Employers should be able to get more information about the prices paid by their own plans, said Katy Johnson, senior health policy attorney at the American Benefits Council. Plan sponsors sometimes struggle to get information about rebates paid to their drug benefit managers, she said.

Agencies currently allow PBMs and third-party administrators to aggregate their information across all of their health-insured populations, Johnson said. “So that means I won’t necessarily get specific shot-by-shot information.” If a plan sponsor wants their own plan-specific information, they should be able to get it to make plan design decisions, the CBA said in its letter. The CBA represents large employers who sponsor employee benefits such as health care and pension plans.

Insurers say they don’t know what employers are paying. AHIP, which represents commercial health insurers, noted its members do not have information on the share of premiums that employers pay on behalf of their employees. “The plans have no way to separate the amount employees contribute or the information to derive it.”

“Net Zero Impact”

The PBM industry counters that it shouldn’t report anything. The Pharmaceutical Care Management Association, which represents PBMs, said in its commentary letter that the rule goes beyond the agencies’ statutory authority and called for “amounts withheld by PBMs” to be excluded.

“As a form of PBM compensation, amounts retained by PBMs and not transferred to the plan have a net zero impact on premiums,” he said.

Other industry sectors say they need to know what PBMs charge and spend on drugs. Pharmaceutical Research and Manufacturers of America (PhRMA), which represents drug manufacturers, noted “PBMs and health plans typically do not share manufacturer discounts directly with patients at the point of sale. Instead, plans and PBMs can take advantage of these substantial discounts while often requiring patients to pay high deductibles and coinsurance based on a drug’s full list price.

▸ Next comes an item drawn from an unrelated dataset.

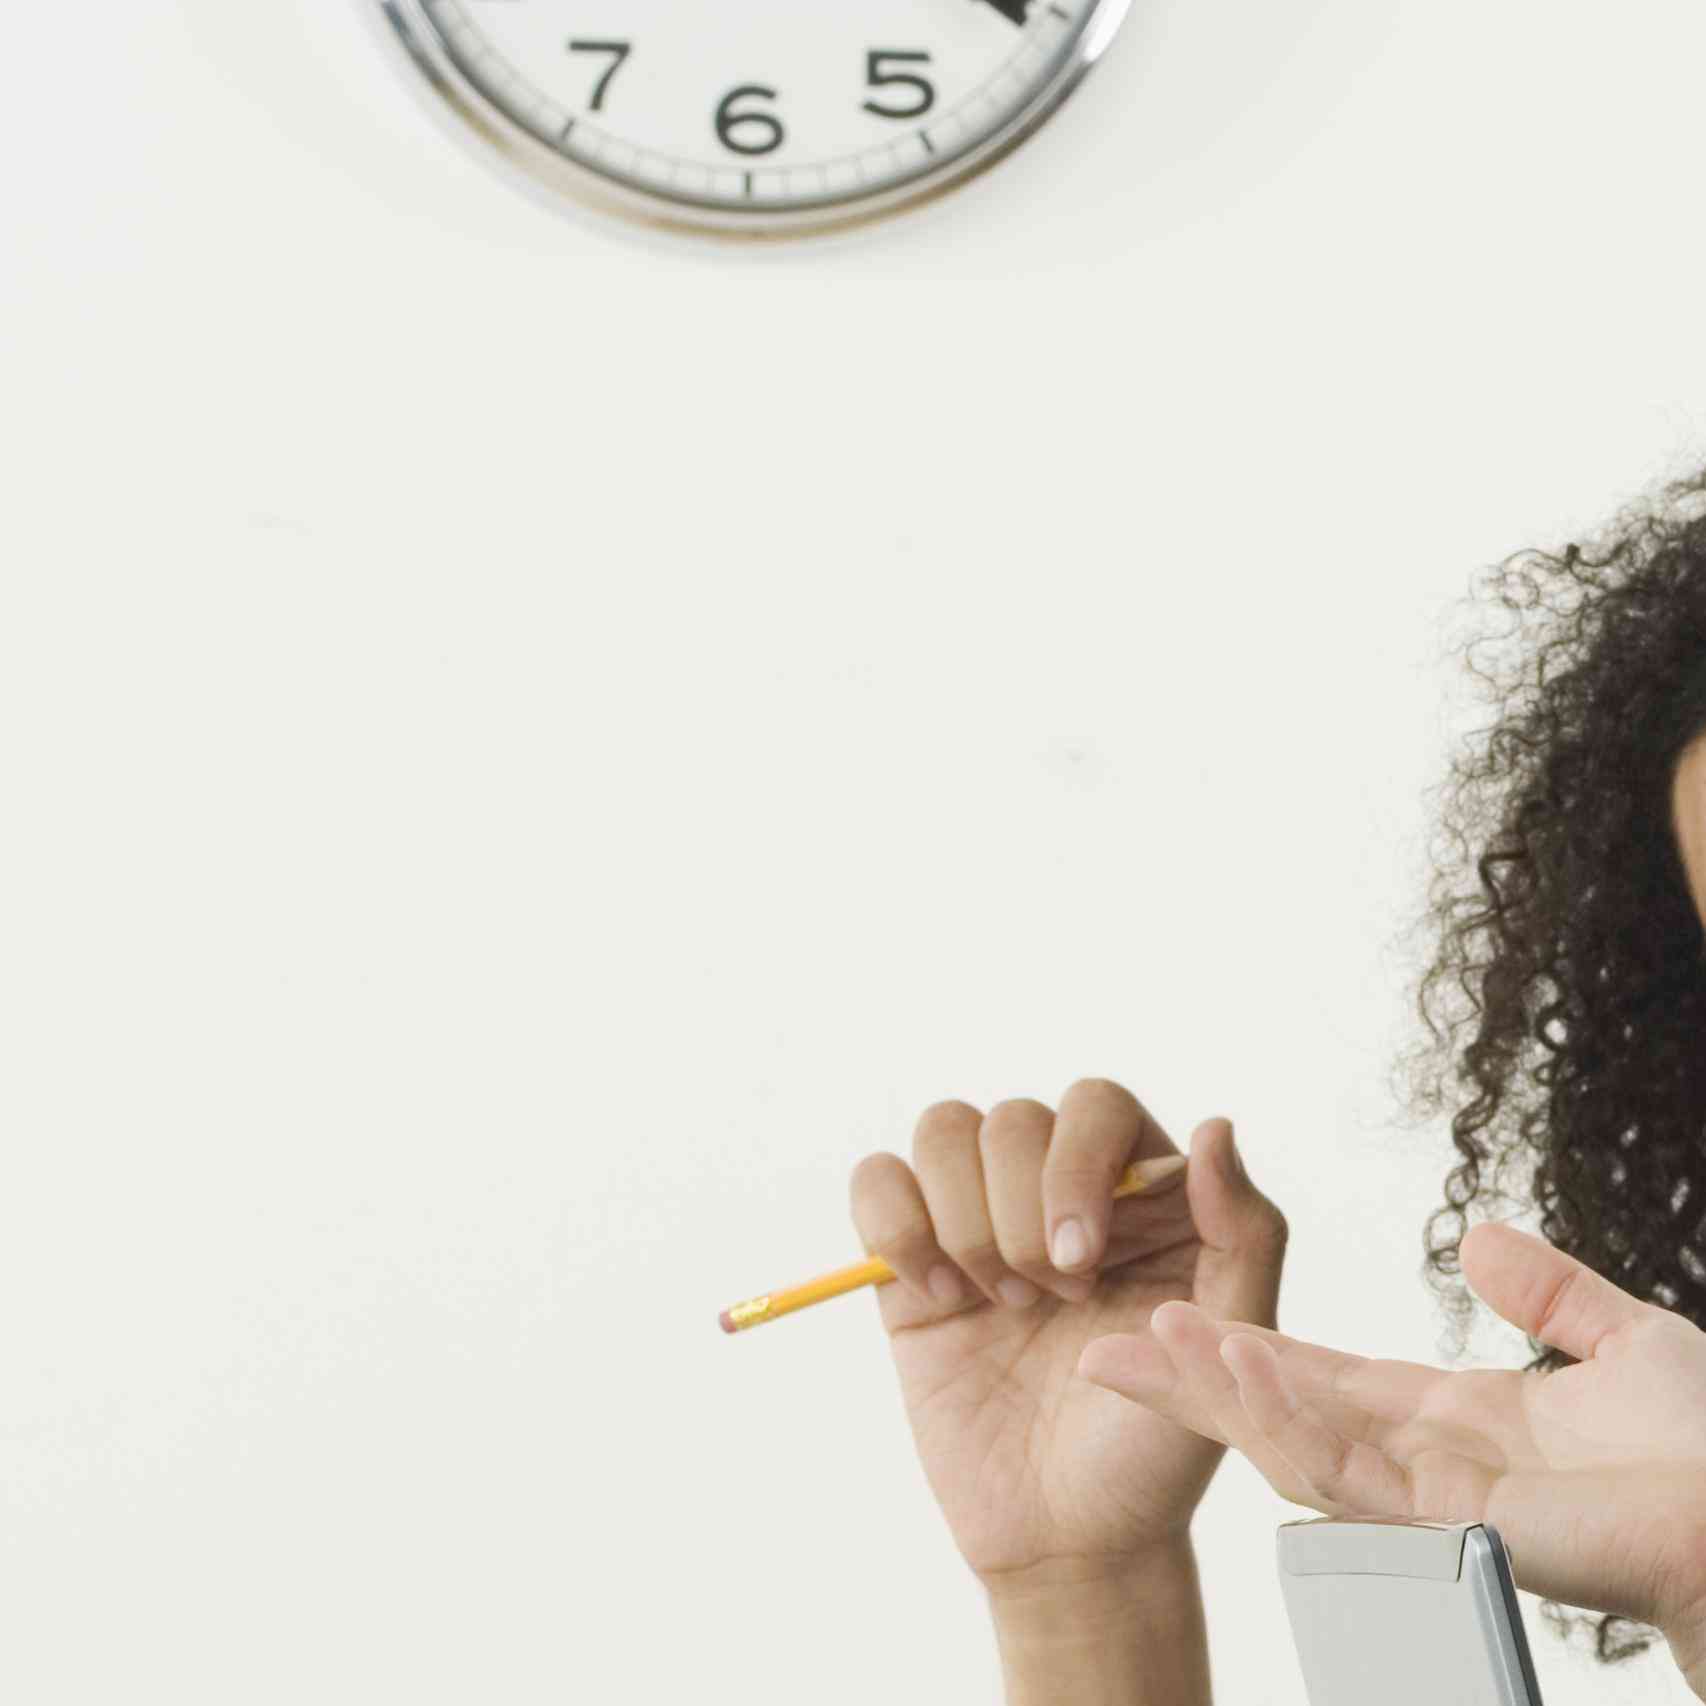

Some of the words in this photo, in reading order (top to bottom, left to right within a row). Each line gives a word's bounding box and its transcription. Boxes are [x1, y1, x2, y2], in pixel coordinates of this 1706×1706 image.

[569, 42, 631, 111] 7
[862, 51, 935, 119] 5
[714, 86, 784, 156] 6

PhRMA said regulators should require adequate data to accurately understand how much health plans and PBMs are spending on prescription drugs.

Direct reductions

The Campaign for Sustainable Rx Pricing (CSRxP) noted Drug manufacturers should be required to report the discounts they offer to low-income patients. The group says these patient assistance programs are often a tactic “to increase sales” of a particular drug. Making these discounts public “would better ensure that third-party assistance directly benefits patients and does not just cover up unnecessarily high drug prices.”

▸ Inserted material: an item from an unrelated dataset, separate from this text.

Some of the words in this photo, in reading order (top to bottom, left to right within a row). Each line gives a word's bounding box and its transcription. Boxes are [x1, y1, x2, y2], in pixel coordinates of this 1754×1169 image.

Jon Conradi, group communications director, said drugmaker list price transparency was also a priority. “We’ve seen the public pressure that comes with a brand name company having to defend or justify the prices they set either as introductory prices for new drugs or as price increases on products,” he said.

He cited the price reduction recently announced by biogenic for its Alzheimer’s drug Aduhelm. Biogen initially priced the drug at $56,000 a year, but later cut the cost in half after HHS ordered a review of Medicare premium hikes tied to the drug.